Grupo de psiquiatras aponta relação entre adversidades na infância e posterior comportamento suicida



Um artigo científico publicado na revista online Plos One busca compreender se traumas ocorridos na infância podem ter relação com tentativas de suicídio na vida adulta. O estudo intitulado “Do Childhood Adversities Predict Suicidality? Findings from the General Population of the Metropolitan Area of São Paulo, Brazil” foi realizado por psiquiatras da  Universidade de São Paulo (USP); do Instituto Mexicano de Psiquiatria (IMP) da Universidade Federal do Espírito Santo (UFES). Através da trabalho, os pesquisadores chegaram à conclusão de que ter sofrido abuso físico está associado com tentativas de suicídio em todos os estágios da vida. Para chegar até essa informação, os pesquisadores se basearam nos critérios do Manual Diagnóstico e Estatístico de Transtornos Mentais, publicado em 1952 pela Associação Americana de Psiquiatria, para aplicar um método de avaliação chamado “World Mental Health Composite International Diagnostic Interview (WMH-CIDI)” em uma amostra representativa de 5037 indivíduos da região metropolitana de São Paulo, que compreende a capital e outros 38 municípios.

A WMI-CIDI é uma entrevista estruturada aplicada em encontros presenciais por examinadores leigos ou profissionais. Ela é composta por duas partes: na primeira, são feitas perguntas sobre características demográficas, funcionamento diário e morbidades físicas, junto com uma avaliação diagnóstica básica de transtornos mentais (depressão maior, transtorno de pânico, transtorno de uso de drogas e comportamento suicida). A segunda parte busca mapear fatores de risco para a saúde mental, além de avaliações de transtornos adicionais.
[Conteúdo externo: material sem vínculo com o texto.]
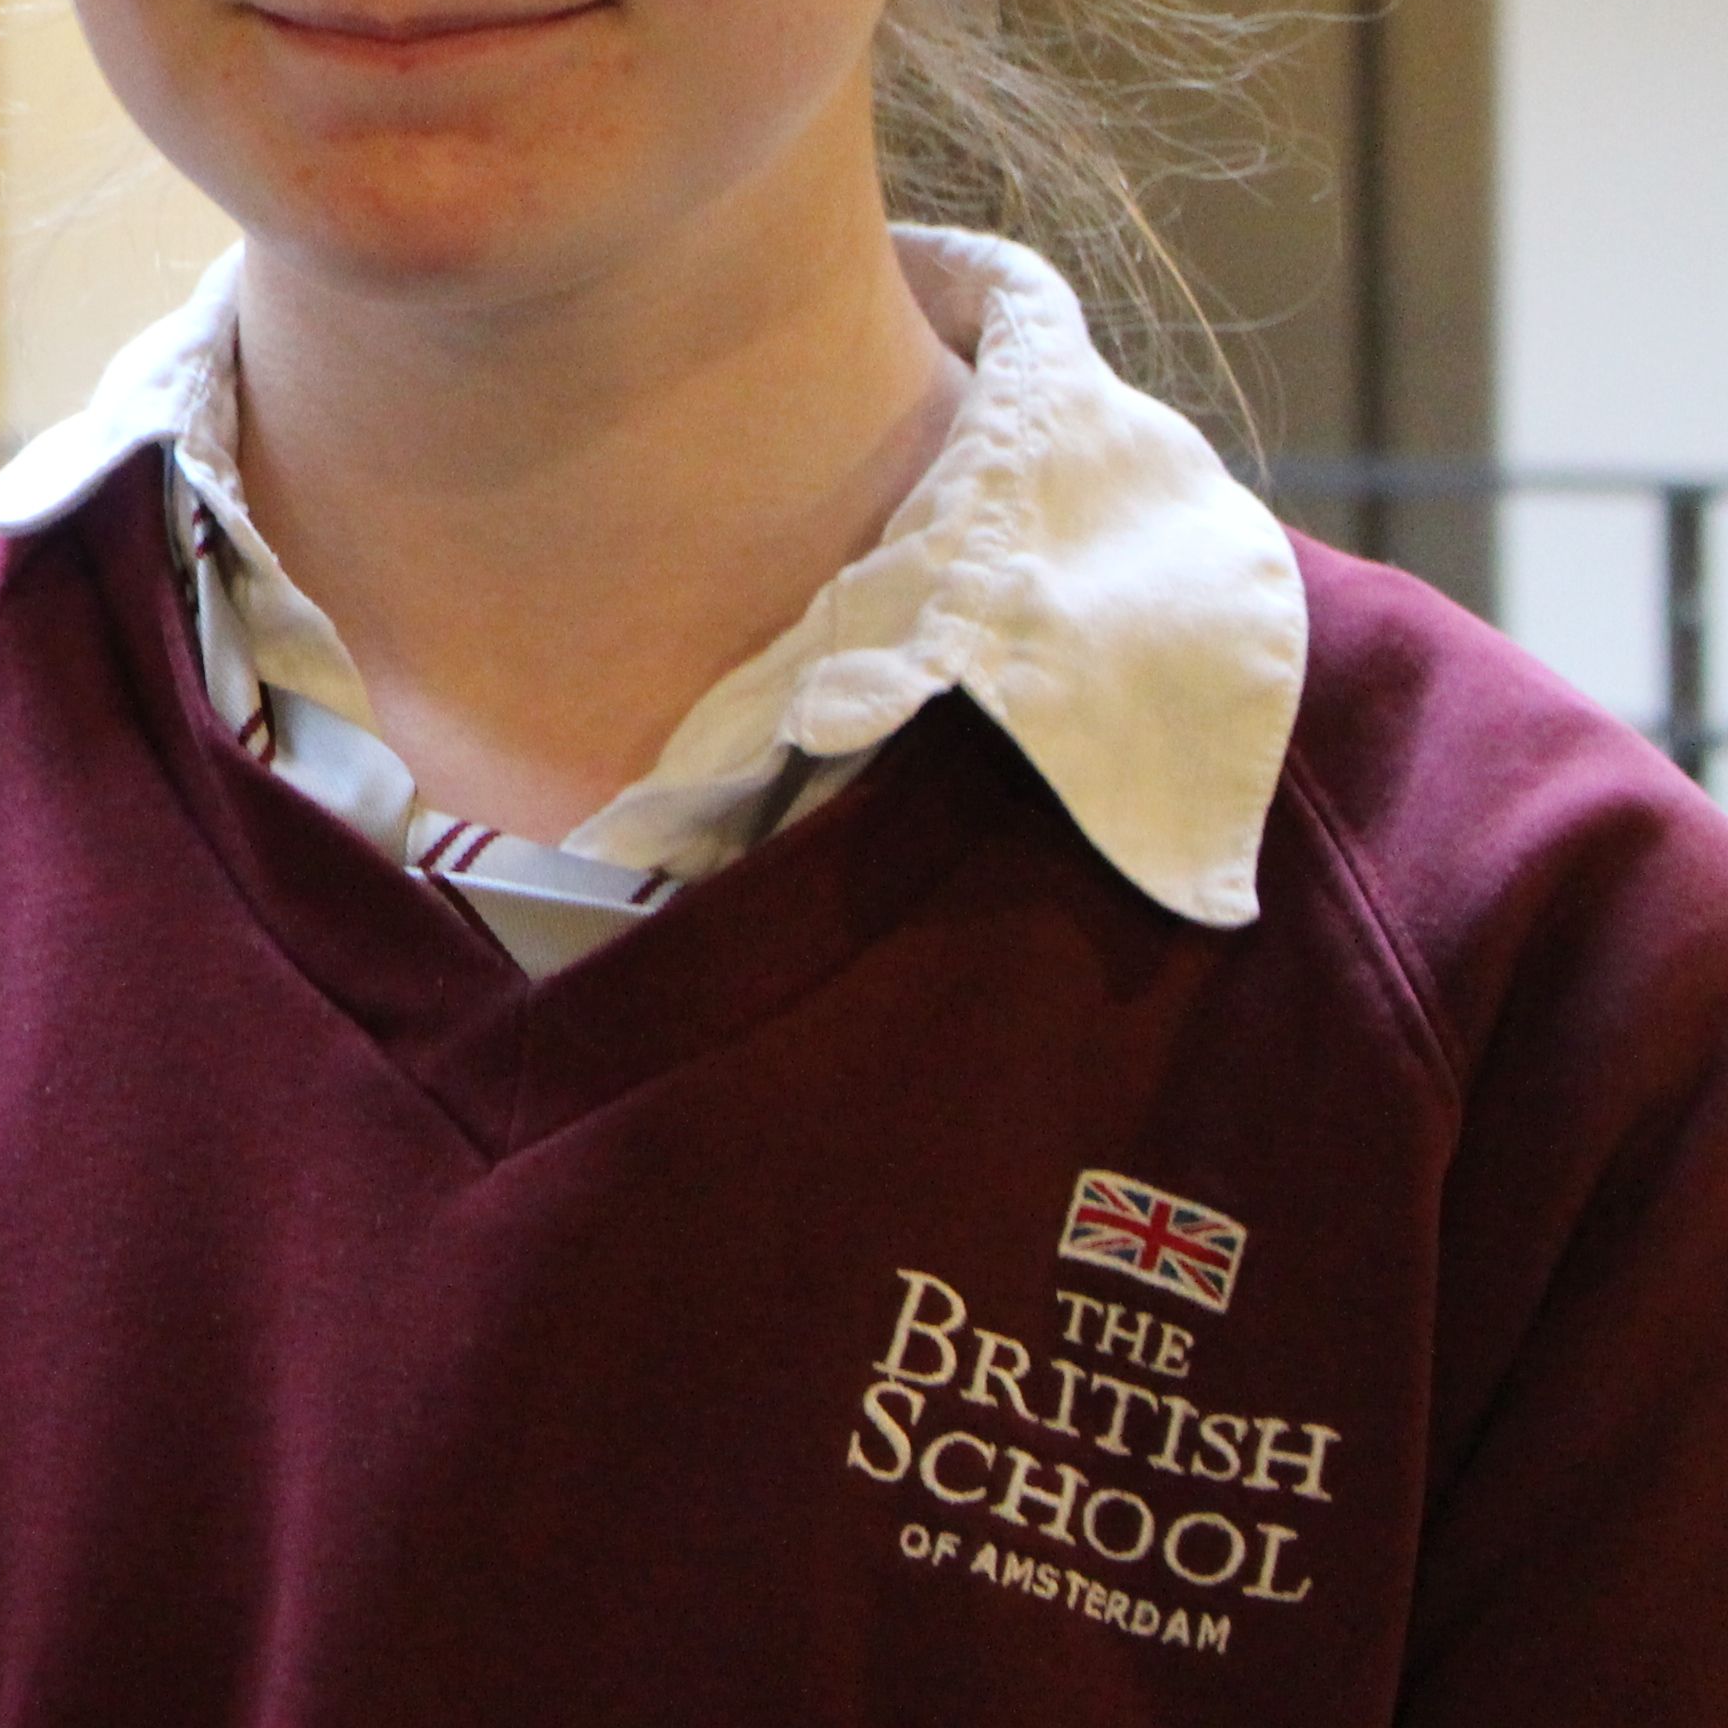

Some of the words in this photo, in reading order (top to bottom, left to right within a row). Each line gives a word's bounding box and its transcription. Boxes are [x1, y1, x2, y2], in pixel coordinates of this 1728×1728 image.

[871, 1268, 1342, 1502] BRITISH
[1056, 1290, 1196, 1378] THE
[846, 1380, 1312, 1603] SCHOOL
[899, 1523, 962, 1566] OF
[970, 1542, 1232, 1655] AMSTERDAM
No estudo em questão, a parte dois da entrevista foi realizada com os participantes que preencheram os critérios para qualquer transtorno mental na primeira parte. O objetivo da aplicação foi avaliar a ocorrência de comportamentos suicidas durante toda a vida, bem como a idade de início desses comportamentos. Para isso, foram considerados quatro fatores: ideação suicida na amostra total; tentativas de suicídio na amostra total; planejamento suicida entre os idealizadores e tentativas de suicídio entre os idealizadores.

Resultados

Da amostra total dos entrevistados, mais da metade (53,6%) tiveram pelo menos uma adversidade durante a infância ou a adolescência. As adversidades mais comuns entre esses indivíduos foram morte de um dos pais (16,1%) e abuso físico na infância (16,01%).  Entre os indivíduos com comportamento suicida, 73,9% tiveram adversidades na infância ou adolescência. As adversidades mais comuns nesses casos foram abuso físico (31,5 a 37,4%) e transtorno mental dos pais (22,9 a 31,4%). (A variação nas porcentagens acontece porque se fez distinção entre os indivíduos que têm apenas ideação suicida e os que têm planos, por exemplo).
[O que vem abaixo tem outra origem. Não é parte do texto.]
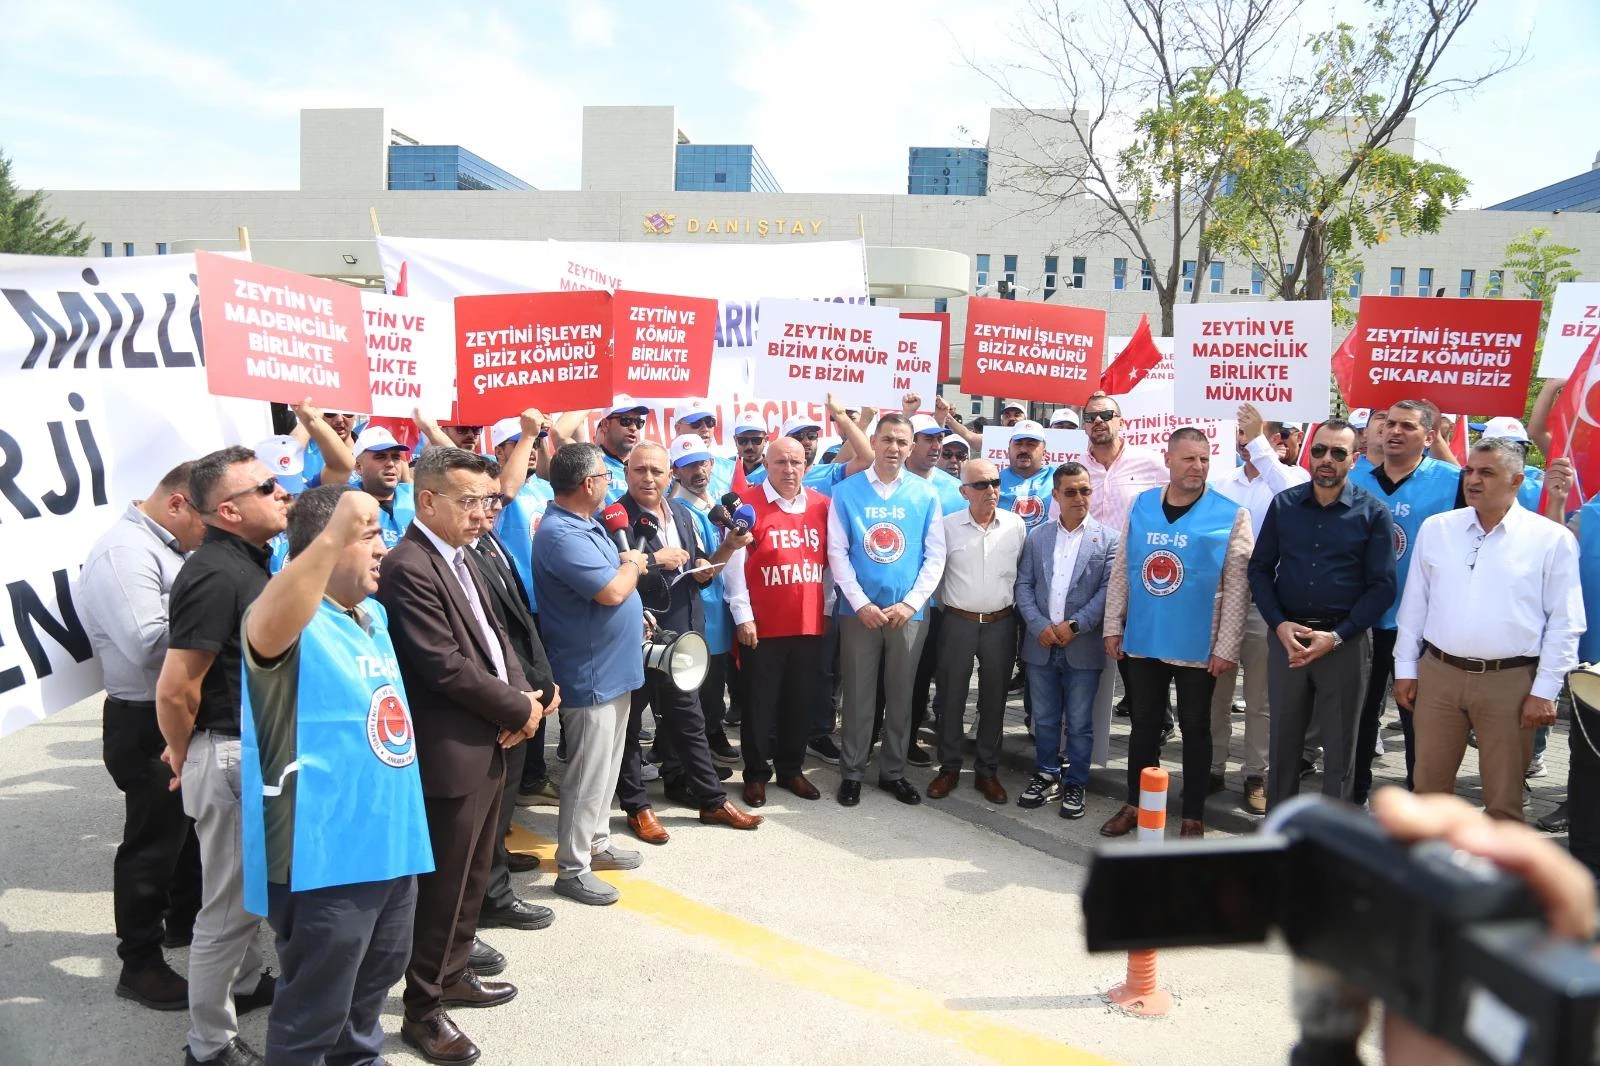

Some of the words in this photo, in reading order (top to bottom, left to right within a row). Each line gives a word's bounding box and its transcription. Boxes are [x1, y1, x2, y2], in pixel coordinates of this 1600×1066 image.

[567, 260, 607, 286] ZEYTİN
[608, 275, 622, 289] VE
[233, 278, 306, 311] ZEYTİN
[308, 294, 334, 317] VE
[224, 302, 349, 342] MADENCİLİK
[402, 314, 425, 332] VE
[629, 305, 677, 324] ZEYTİN
[679, 311, 696, 325] VE
[465, 324, 533, 348] ZEYTİNİ
[536, 323, 602, 347] İŞLEYEN
[635, 324, 686, 344] KÖMÜR
[783, 323, 846, 342] ZEYTİN
[849, 329, 873, 344] DE
[974, 323, 1032, 341] ZEYTİNİ
[1034, 326, 1094, 348] İŞLEYEN
[1202, 316, 1266, 336] ZEYTİN
[1269, 320, 1294, 336] VE
[1561, 321, 1600, 337] BİZ
[248, 329, 335, 363] BİRLİKTE
[898, 340, 918, 354] DE
[1192, 338, 1308, 358] MADENCİLİK
[1366, 326, 1440, 345] ZEYTİNİ
[1442, 327, 1522, 350] İŞLEYEN
[473, 347, 517, 369] BİZİZ
[520, 341, 596, 365] KÖMÜRÜ
[631, 343, 689, 363] BİRLİKTE
[767, 339, 817, 360] BİZİM
[821, 344, 889, 365] KÖMÜR
[978, 338, 1017, 356] BİZİZ
[1019, 343, 1087, 364] KÖMÜRÜ
[1371, 344, 1418, 362] BİZİZ
[1421, 347, 1511, 367] KÖMÜRÜ
[246, 356, 341, 388] MÜMKÜN
[368, 353, 417, 375] LİKTE
[627, 364, 690, 382] MÜMKÜN
[788, 364, 811, 379] DE
[815, 363, 865, 384] BİZİM
[976, 357, 1048, 377] ÇIKARAN
[1050, 363, 1088, 381] BİZİZ
[1210, 360, 1289, 380] BİRLİKTE
[473, 368, 554, 395] ÇIKARAN
[557, 361, 599, 382] BİZİZ
[1369, 367, 1458, 385] ÇIKARAN
[1461, 368, 1512, 387] BİZİZ
[1206, 382, 1293, 402] MÜMKÜN
[864, 505, 906, 521] TES-İŞ
[768, 524, 820, 553] TES-İŞ
[1146, 531, 1189, 549] TES-İŞ
Entre adultos de 20 a 29 anos, a probabilidade de uma tentativa de suicídio foi relacionada com divórcio dos pais, enquanto a ideação suicida foi associada a abuso sexual. Em adultos com mais de 30 anos, doença física e dificuldades econômicas surgiram como adversidades infantis associadas a tentativas de tirar a própria vida, enquanto que abuso sexual, violência familiar e, novamente, dificuldades econômicas foram relacionadas à ideação suicida.

Devido à pesquisa ter apontado o abuso físico como uma adversidade comum durante todos os estágios da vida, os autores sublinham no artigo que esses resultados reforçam a necessidade de se evitar métodos disciplinares violentos na infância como uma medida para a prevenção de comportamentos suicidas. Além disso, ressaltam que o resultado mais importante foi mostrar que os efeitos das adversidades para comportamentos suicidas também ocorrem de maneira indireta, por meio de doenças mentais. Isso acontece porque as adversidades são fatores de risco para essas doenças, que são algumas das principais causas de comportamentos suicidas.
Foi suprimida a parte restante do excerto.